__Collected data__
--- START ---

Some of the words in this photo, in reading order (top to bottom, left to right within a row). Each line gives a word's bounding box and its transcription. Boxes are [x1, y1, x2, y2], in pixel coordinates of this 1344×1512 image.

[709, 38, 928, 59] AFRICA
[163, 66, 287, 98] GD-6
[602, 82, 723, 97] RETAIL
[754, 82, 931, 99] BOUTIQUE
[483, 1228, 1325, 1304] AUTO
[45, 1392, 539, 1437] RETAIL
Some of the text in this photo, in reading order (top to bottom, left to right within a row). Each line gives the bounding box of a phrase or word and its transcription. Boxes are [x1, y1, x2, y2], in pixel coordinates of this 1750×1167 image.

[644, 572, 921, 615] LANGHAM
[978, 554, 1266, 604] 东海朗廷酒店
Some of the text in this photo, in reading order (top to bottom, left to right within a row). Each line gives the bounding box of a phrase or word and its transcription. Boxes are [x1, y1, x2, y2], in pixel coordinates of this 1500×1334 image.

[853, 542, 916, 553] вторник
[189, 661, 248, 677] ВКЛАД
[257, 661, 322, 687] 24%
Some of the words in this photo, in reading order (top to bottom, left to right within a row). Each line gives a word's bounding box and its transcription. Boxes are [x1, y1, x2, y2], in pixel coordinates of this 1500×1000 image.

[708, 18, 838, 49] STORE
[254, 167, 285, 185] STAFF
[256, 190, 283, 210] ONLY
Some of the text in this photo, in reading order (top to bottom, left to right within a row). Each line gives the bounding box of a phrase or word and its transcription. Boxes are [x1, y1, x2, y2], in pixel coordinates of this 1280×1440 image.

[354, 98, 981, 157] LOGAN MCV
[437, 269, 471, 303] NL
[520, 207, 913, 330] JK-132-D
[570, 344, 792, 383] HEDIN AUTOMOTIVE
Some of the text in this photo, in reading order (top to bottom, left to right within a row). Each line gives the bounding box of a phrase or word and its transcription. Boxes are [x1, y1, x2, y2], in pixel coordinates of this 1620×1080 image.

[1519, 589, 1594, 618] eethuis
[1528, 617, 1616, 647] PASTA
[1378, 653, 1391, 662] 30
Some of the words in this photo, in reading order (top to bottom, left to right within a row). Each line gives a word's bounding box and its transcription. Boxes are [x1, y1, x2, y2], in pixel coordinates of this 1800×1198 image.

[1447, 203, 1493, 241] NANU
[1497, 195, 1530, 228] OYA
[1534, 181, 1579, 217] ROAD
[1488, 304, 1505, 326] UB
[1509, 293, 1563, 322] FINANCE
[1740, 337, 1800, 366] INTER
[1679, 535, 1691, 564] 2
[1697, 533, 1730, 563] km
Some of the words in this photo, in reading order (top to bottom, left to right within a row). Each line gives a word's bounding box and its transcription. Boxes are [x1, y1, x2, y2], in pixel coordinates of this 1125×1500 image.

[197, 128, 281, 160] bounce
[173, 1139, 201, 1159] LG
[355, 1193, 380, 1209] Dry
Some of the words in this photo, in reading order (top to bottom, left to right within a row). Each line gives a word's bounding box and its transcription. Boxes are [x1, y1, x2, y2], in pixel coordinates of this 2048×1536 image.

--- END ---

__PROBLEM REQUIREMENTS__
Provide an exact transcription of every entry above.

__RESPONSE TO THE TASK__
Some of the words in this photo, in reading order (top to bottom, left to right within a row). Each line gives a word's bounding box and its transcription. Boxes are [x1, y1, x2, y2], in pixel coordinates of this 1344×1512 image.

[709, 38, 928, 59] AFRICA
[163, 66, 287, 98] GD-6
[602, 82, 723, 97] RETAIL
[754, 82, 931, 99] BOUTIQUE
[483, 1228, 1325, 1304] AUTO
[45, 1392, 539, 1437] RETAIL
Some of the text in this photo, in reading order (top to bottom, left to right within a row). Each line gives the bounding box of a phrase or word and its transcription. Boxes are [x1, y1, x2, y2], in pixel coordinates of this 1750×1167 image.

[644, 572, 921, 615] LANGHAM
[978, 554, 1266, 604] 东海朗廷酒店
Some of the text in this photo, in reading order (top to bottom, left to right within a row). Each line gives the bounding box of a phrase or word and its transcription. Boxes are [x1, y1, x2, y2], in pixel coordinates of this 1500×1334 image.

[853, 542, 916, 553] вторник
[189, 661, 248, 677] ВКЛАД
[257, 661, 322, 687] 24%
Some of the words in this photo, in reading order (top to bottom, left to right within a row). Each line gives a word's bounding box and its transcription. Boxes are [x1, y1, x2, y2], in pixel coordinates of this 1500×1000 image.

[708, 18, 838, 49] STORE
[254, 167, 285, 185] STAFF
[256, 190, 283, 210] ONLY
Some of the text in this photo, in reading order (top to bottom, left to right within a row). Each line gives the bounding box of a phrase or word and its transcription. Boxes are [x1, y1, x2, y2], in pixel coordinates of this 1280×1440 image.

[354, 98, 981, 157] LOGAN MCV
[437, 269, 471, 303] NL
[520, 207, 913, 330] JK-132-D
[570, 344, 792, 383] HEDIN AUTOMOTIVE
Some of the text in this photo, in reading order (top to bottom, left to right within a row). Each line gives the bounding box of a phrase or word and its transcription. Boxes are [x1, y1, x2, y2], in pixel coordinates of this 1620×1080 image.

[1519, 589, 1594, 618] eethuis
[1528, 617, 1616, 647] PASTA
[1378, 653, 1391, 662] 30
Some of the words in this photo, in reading order (top to bottom, left to right within a row). Each line gives a word's bounding box and its transcription. Boxes are [x1, y1, x2, y2], in pixel coordinates of this 1800×1198 image.

[1447, 203, 1493, 241] NANU
[1497, 195, 1530, 228] OYA
[1534, 181, 1579, 217] ROAD
[1488, 304, 1505, 326] UB
[1509, 293, 1563, 322] FINANCE
[1740, 337, 1800, 366] INTER
[1679, 535, 1691, 564] 2
[1697, 533, 1730, 563] km
Some of the words in this photo, in reading order (top to bottom, left to right within a row). Each line gives a word's bounding box and its transcription. Boxes are [x1, y1, x2, y2], in pixel coordinates of this 1125×1500 image.

[197, 128, 281, 160] bounce
[173, 1139, 201, 1159] LG
[355, 1193, 380, 1209] Dry
Some of the words in this photo, in reading order (top to bottom, left to right within a row). Each line gives a word's bounding box and its transcription. Boxes are [x1, y1, x2, y2], in pixel coordinates of this 2048×1536 image.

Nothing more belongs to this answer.